Мила ты, испугавшись, и мила, Лишь страх к ногам Эрота принесла; Не будет ли так сладок вздох печали На тех губах, что смерть в уста лобзали? Свободной став, уход свой не готовь; Пусть не меня, люби мою любовь. Любя, живи своею жизнью, я Умру, но пусть живёт любовь моя. Пройдись: твои глаза, причёска, руки Питают страсть мою, ослабив муки.

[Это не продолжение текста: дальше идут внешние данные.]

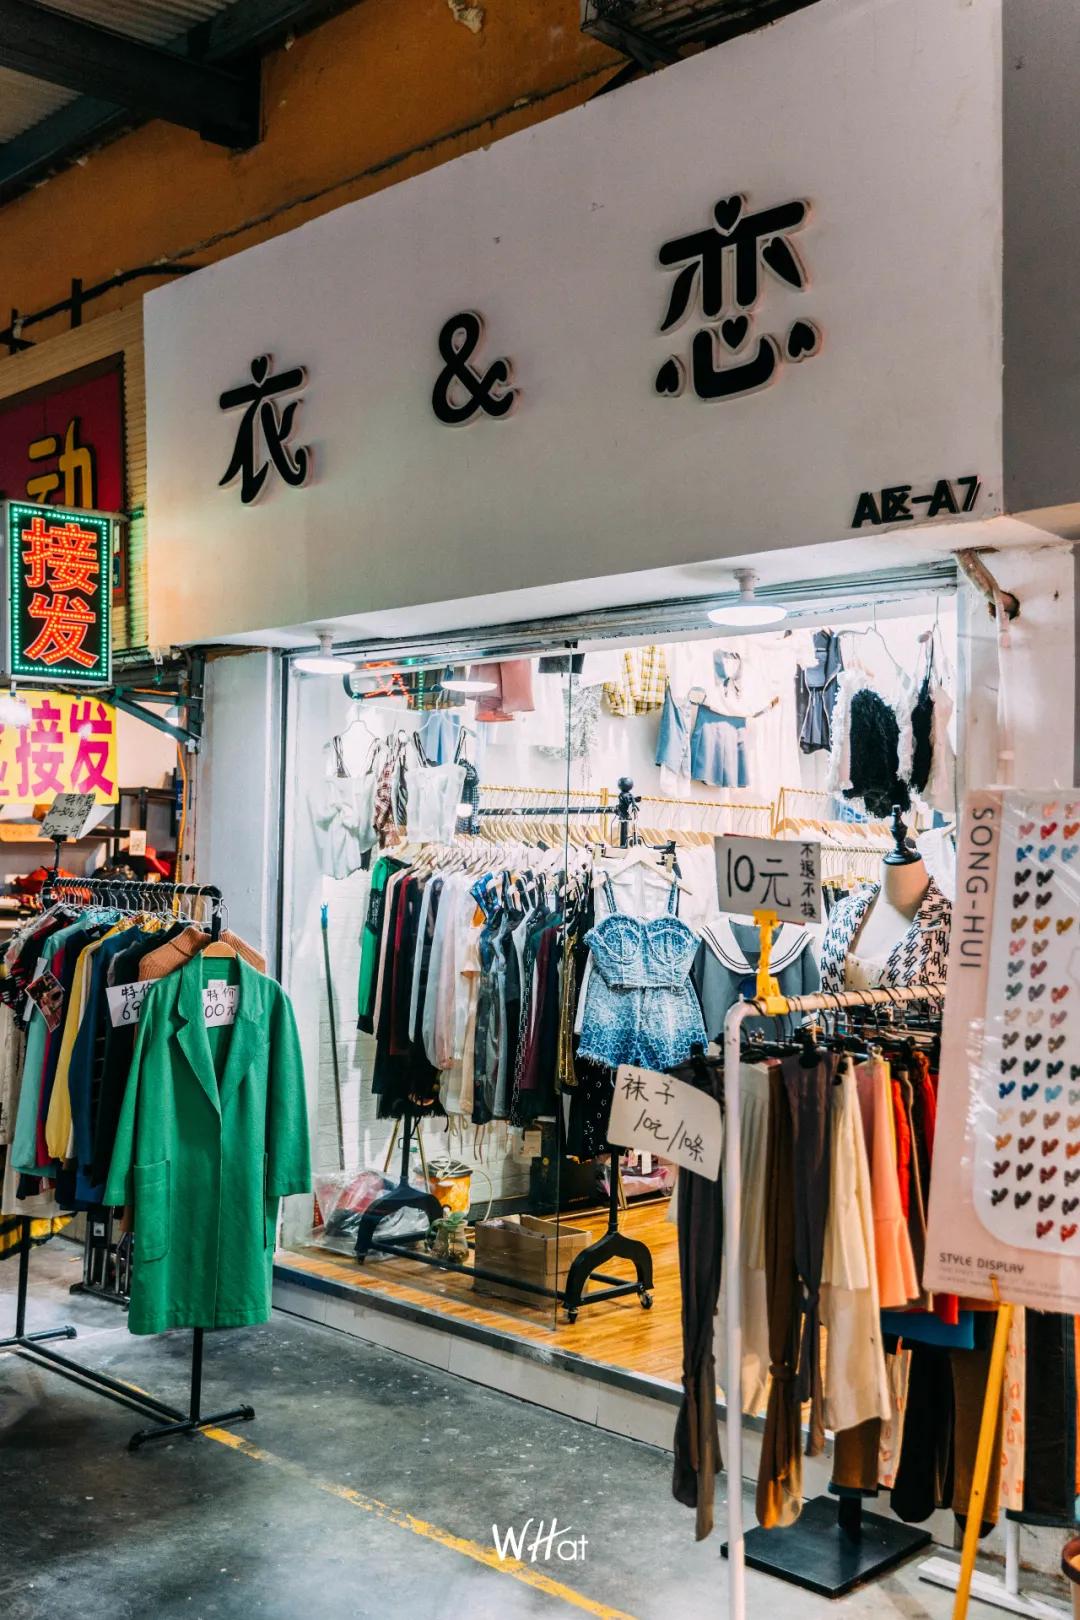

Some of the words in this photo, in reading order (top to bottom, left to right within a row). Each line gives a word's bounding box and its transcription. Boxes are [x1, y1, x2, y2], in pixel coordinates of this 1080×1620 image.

Всё ж, прежде чем изменится мой вид, Надежда смолкнет, горе закричит, И прежде чем презришь меня – лобзаньем Спаси меня, не награждай терзаньем. Не стану я (ты это ждёшь) рыдать, — О, не грусти! – лишь тосковать и спать. Смерть разве зло? не навредишь ты мне: Пусть ты ушла, любила я вполне. Коль ты мне радость не дала при жизни, Не дашь ли горя малого на тризне? Я вижу, пальцы девушек других, Ползут в кудрях мальчишеских твоих, Иль уст твоих податливых изгибы Лобзают тех, кто вслед за мною прибыл. Хотя себя я лучшей не хвалю, Сильнее всех любила и люблю Тебя – мою свободу иль оковы; Была я первой, остальные – новы. Так страсть моя прекрасна или нет? С твоим бутоном мой прекрасен цвет. Что, я не так желанна и прекрасна? Не я, но ты прекрасна, это ясно. Я рада, нет прекрасней существа, Я без тебя жива, с тобой – мертва. Тебя я буду помнить днём воочью, Не забывая даже тёмной ночью. Покинешь прежде жизни коль меня, Не стану горевать я больше дня. Не как они, чья страсть моей слабее, Кто не влюблён, как я, хоть смерть сильнее. И пусть твои уста летят прильнуть К другим устам, лобзать другую грудь, И пусть тебя влекут так нежно, всё ж Нежней меня ты больше не найдёшь.